Mas sabemos, como o "bom" e realista Maquiavel mencionou, as coisas são bem diferentes do que imaginamos ser. Assim sendo, deve-se tomar muito cuidado quando apoiar, por exemplo, um candidato, ou ver uma medida que dizem ser em nome do povo, devendo saber antes a que povo se referem e mesmo sendo para a maioria, qual a funcionalidade disso, se no final das contas irá mesmo favorecer ou se apenas serviu para ter o apoio inicial.

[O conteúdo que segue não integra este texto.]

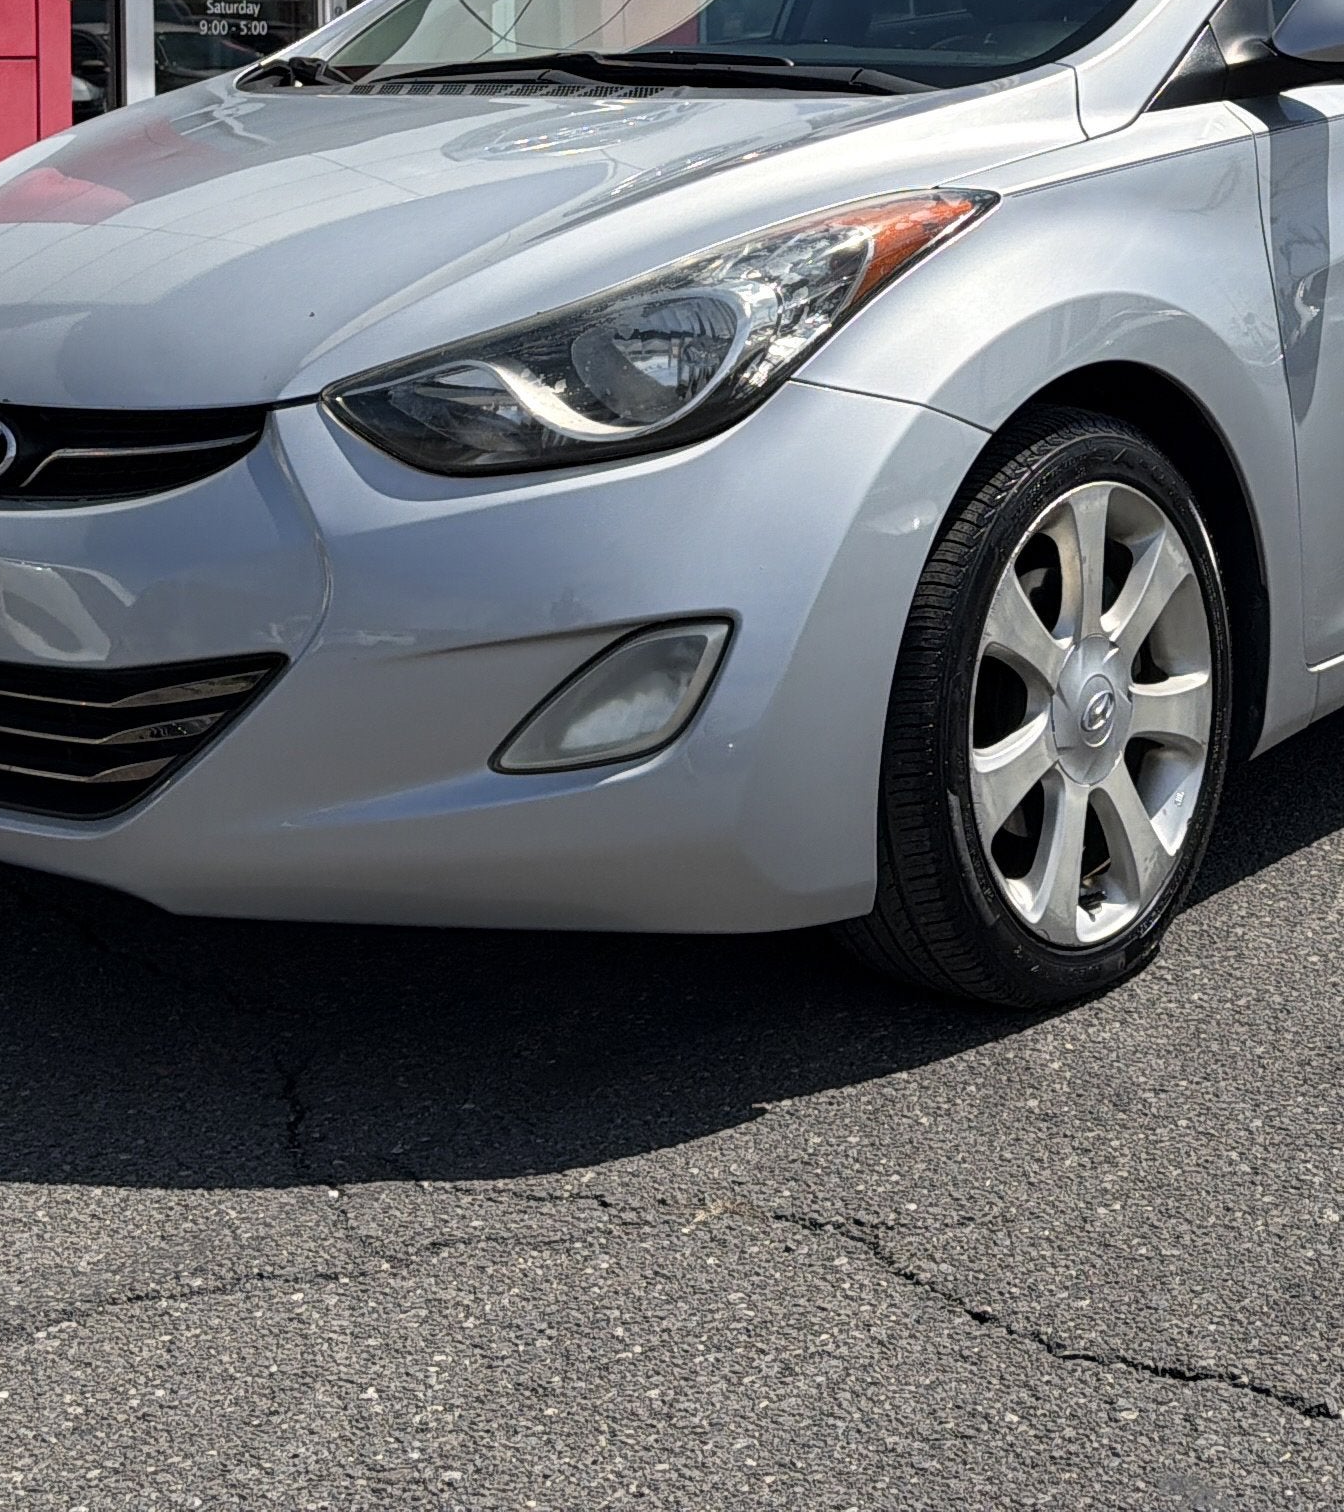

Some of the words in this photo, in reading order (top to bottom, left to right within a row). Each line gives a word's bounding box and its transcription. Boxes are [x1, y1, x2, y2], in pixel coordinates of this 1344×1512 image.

[206, 0, 261, 18] Saturday
[199, 20, 229, 36] 9:00
[239, 21, 268, 36] 5:00

E mais ainda, o ponto em que também Mill faz menção, não significa que 51%, por ser maioria, deva passar por cima dos outros 49%, levando em consideração o indivíduo enquanto legitimador da sociedade e agente no contexto social. Devendo assim, limitar o poder deste "povo" que governa, por ferir a soberania do indivíduo que inclusive é responsável e causa principal do poder destes que governam.
Referência Bibliográfica:
MILL, John Stuart. A Liberdade; Utilitarismo. tradução: Eunice Ostrensky. São Paulo: Martins Fontes, 2000. (Clássicos)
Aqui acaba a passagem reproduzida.